Marseille assailant had seven identities, was released from custody day before attack

Published 02.10.2017 22:42
emAFP Photo/em
AFP Photo

A man who fatally stabbed two women outside Marseille's main train station had been detained for shoplifting and released the day before the attack, and used seven fake identities in previous encounters with police, officials said Monday.

French authorities are studying the suspect's cellphone and working to determine his true identity and whether he had direct links to the Islamic State group, which claimed responsibility for Sunday's stabbing. The assailant was killed by soldiers immediately after the attack, the latest of several targeting France.
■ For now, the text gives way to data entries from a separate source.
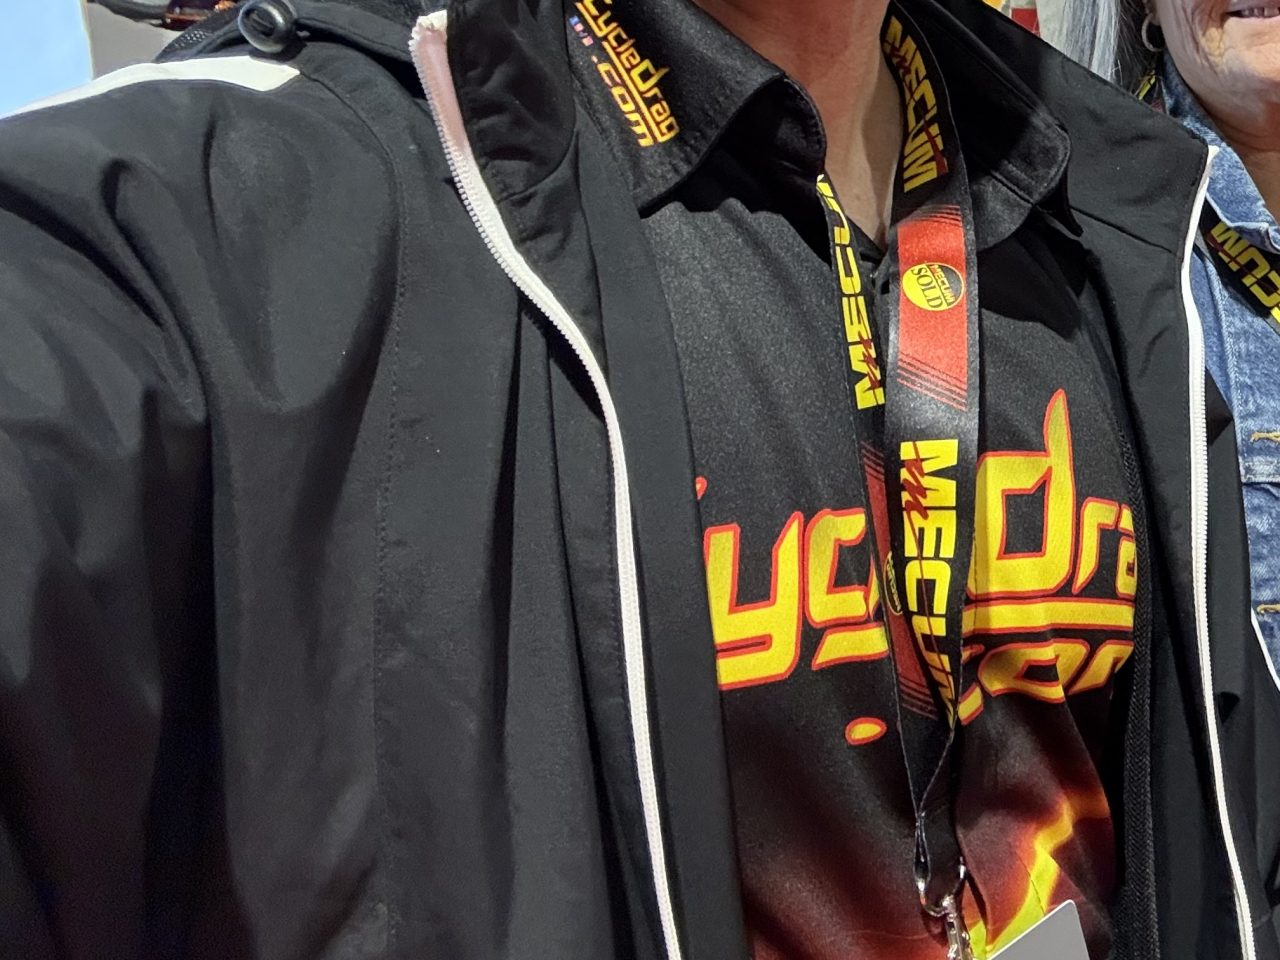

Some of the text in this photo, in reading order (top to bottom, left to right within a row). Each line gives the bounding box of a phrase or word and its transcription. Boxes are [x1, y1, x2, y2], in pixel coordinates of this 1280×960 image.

[591, 55, 654, 147] .com
[882, 15, 948, 193] MECUM
[911, 267, 943, 308] SOLD
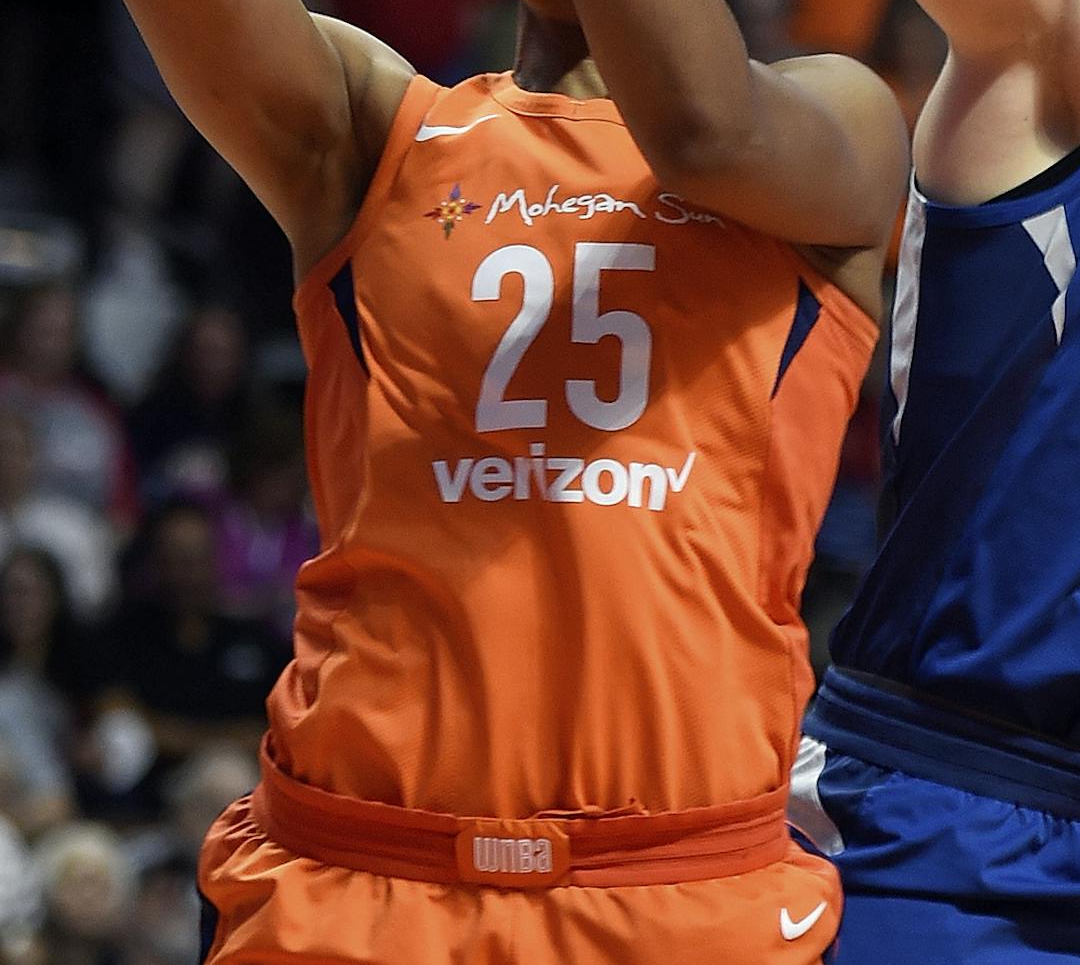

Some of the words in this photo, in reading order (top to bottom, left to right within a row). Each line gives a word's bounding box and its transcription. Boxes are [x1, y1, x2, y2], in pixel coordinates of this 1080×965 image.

[484, 185, 648, 227] Mohegan
[655, 193, 727, 230] Sun
[471, 242, 657, 434] 25
[432, 443, 669, 512] verizon
The suspect was identified by his fingerprints, which matched those taken during seven previous incidents registered by police since 2005, Paris Prosecutor Francois Molins told reporters.

The attacker didn't have any past convictions in France, Molins said. The man's most recent arrest occurred in the Lyon area Friday — just two days before the train station stabbing.
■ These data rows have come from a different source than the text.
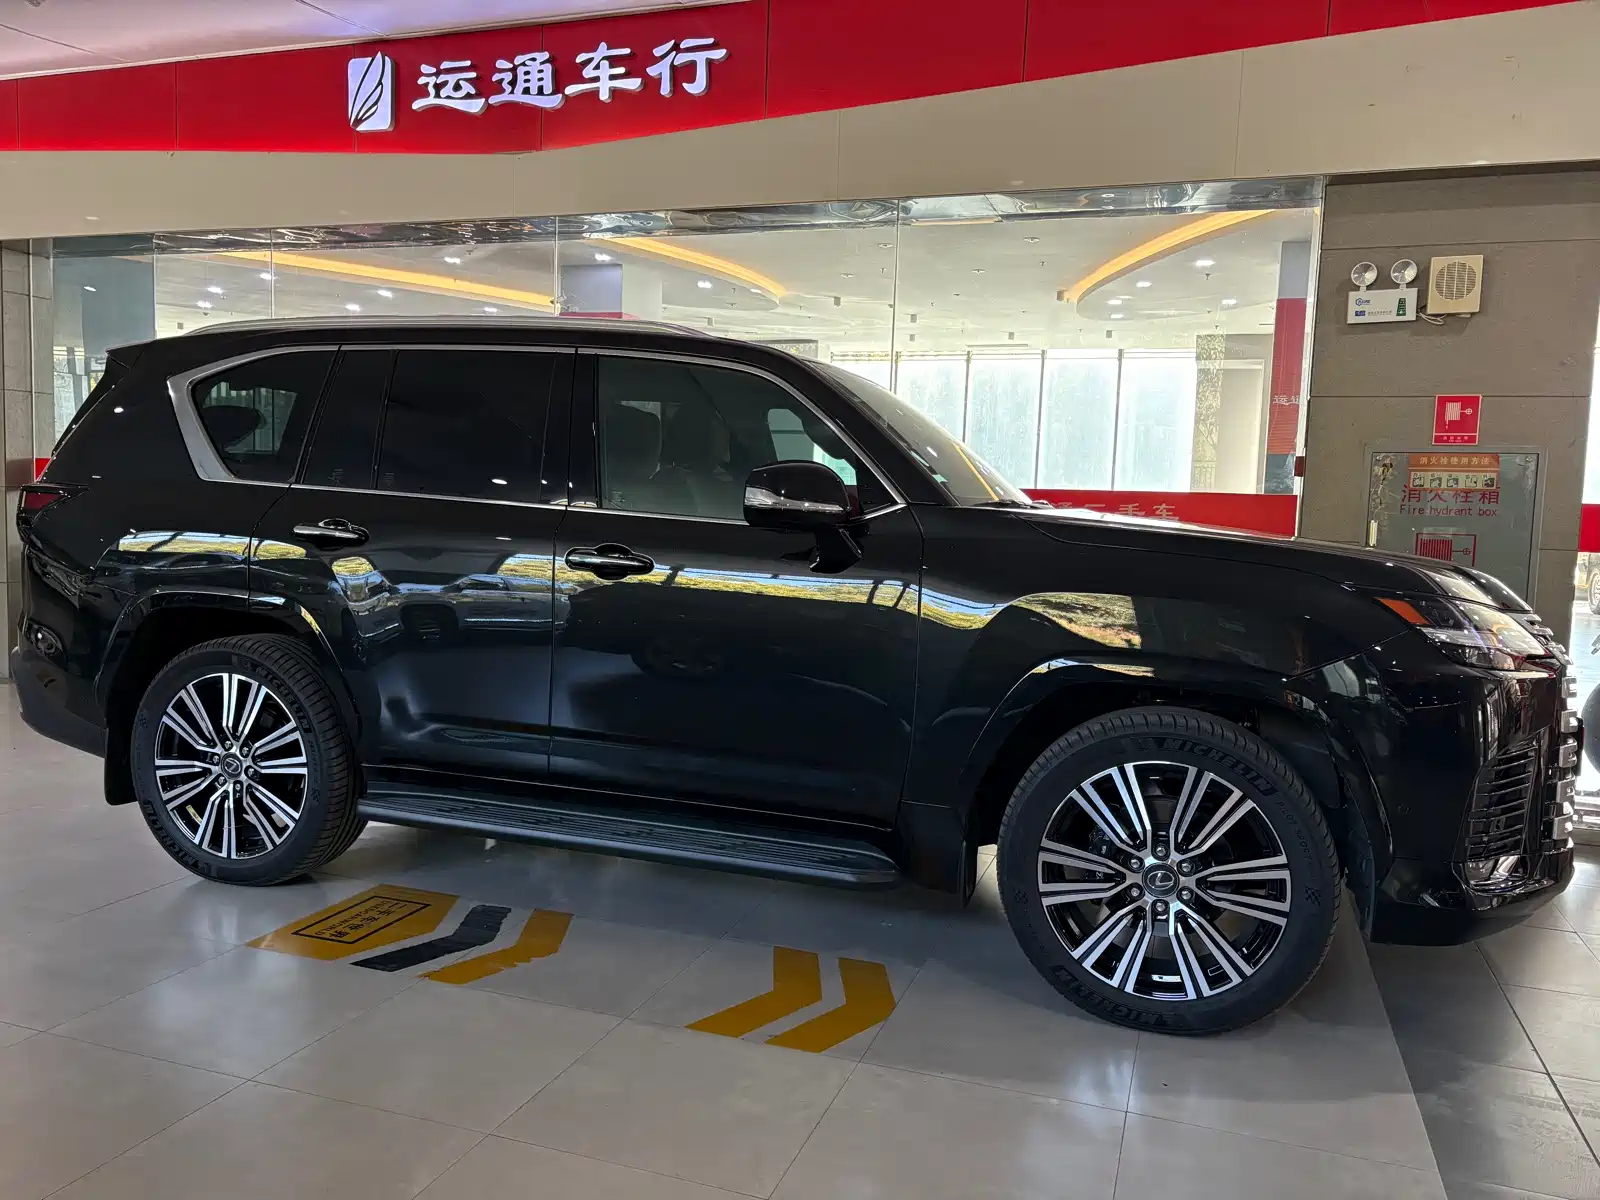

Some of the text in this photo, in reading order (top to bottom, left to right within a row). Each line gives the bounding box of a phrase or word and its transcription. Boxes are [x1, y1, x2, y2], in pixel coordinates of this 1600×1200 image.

[412, 37, 728, 115] 运通车行
[1420, 456, 1490, 465] 消火栓使用方法
[1400, 504, 1497, 516] Fire hydrant box
[254, 665, 312, 730] MICHELIN
[1164, 738, 1276, 796] MICHELIN
The man was held overnight for shoplifting, then released Saturday and the charges dropped, Molins said. He added that local authorities had no reason to hold him further based on the ID he gave them — a Tunisian passport.

Interior Minister Gerard Collomb has given investigators a week to determine why police in the eastern city of Lyon let the man go after arresting him on Friday, a day before the attack took place, the interior ministry said in a statement.
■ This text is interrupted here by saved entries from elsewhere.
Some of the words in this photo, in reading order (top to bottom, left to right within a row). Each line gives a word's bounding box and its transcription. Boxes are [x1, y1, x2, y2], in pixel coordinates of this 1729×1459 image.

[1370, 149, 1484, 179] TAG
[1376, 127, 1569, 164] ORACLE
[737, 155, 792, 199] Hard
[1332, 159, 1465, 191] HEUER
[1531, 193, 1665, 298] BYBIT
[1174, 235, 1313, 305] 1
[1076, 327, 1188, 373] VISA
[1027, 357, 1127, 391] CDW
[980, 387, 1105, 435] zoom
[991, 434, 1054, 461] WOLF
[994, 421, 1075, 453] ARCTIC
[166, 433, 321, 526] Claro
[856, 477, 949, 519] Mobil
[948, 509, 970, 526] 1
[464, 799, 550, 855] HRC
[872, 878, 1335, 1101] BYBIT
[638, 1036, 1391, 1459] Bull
Molins said "the method of the attacker" was in line with calls from Daesh to followers in the West to strike vulnerable targets, such as train stations.

The Daesh terrorist group's propaganda agency Amaq claimed the killer was one of its "soldiers", though a source close to the investigation told French Press Agency (AFP) no solid evidence linked him to the group.

The attack in France's second-biggest city followed a string of stabbings around Europe claimed by or blamed on terrorists.

The man killed two 20-year-old cousins, one of them a "brilliant" medical student who was studying in the city, according to Aix-Marseille University chief Yvon Berland.

Her cousin, a nursing student from Lyon, was visiting her for the weekend.

Molins confirmed that witnesses heard the attacker shout "Allahu Akbar" (God is greatest) as he lunged at the women with a 20-centimeter (eight-inch) knife before threatening soldiers, who shot him dead.

The attacker's fingerprints showed he had had seven brushes with the law since 2005 including the shoplifting arrest on Friday.

He presented the Tunisian passport to police, saying he was divorced, used "hard drugs", and had no fixed address.

French President Emmanuel Macron tweeted Sunday that he was "deeply angered by this barbaric act".

The attack comes as parliament prepares Tuesday to vote on a controversial anti-terror bill that transfers some of the exceptional powers granted to police under a 22-month-old state of emergency into national law.

France has been under a state of emergency since the Daesh gun and bomb attacks in Paris in November 2015 — part of a string of terrorist assaults that have left more than 240 people dead over the past two years.

But critics warn that making parts of the state of emergency permanent would give police too much free rein, undermining freedoms in a country seen as a beacon for human rights.

Knives have been the weapon of choice in a string of smaller-scale attacks in recent months, mainly targeting troops from the 7,000-strong Sentinelle anti-terror force set up to patrol the streets and vulnerable sites such as stations and tourist attractions.

In most cases, the attackers were shot dead at the start of their rampage, before they could kill others.

The Marseille attack came only days after Daesh released a recording of what it said was its leader Abu Bakr al-Baghdadi urging his followers to strike their enemies in the West.

The French government has deployed troops and its air force to the Middle East and is a leading partner in the U.S.-led international coalition fighting Daesh in Iraq and Syria.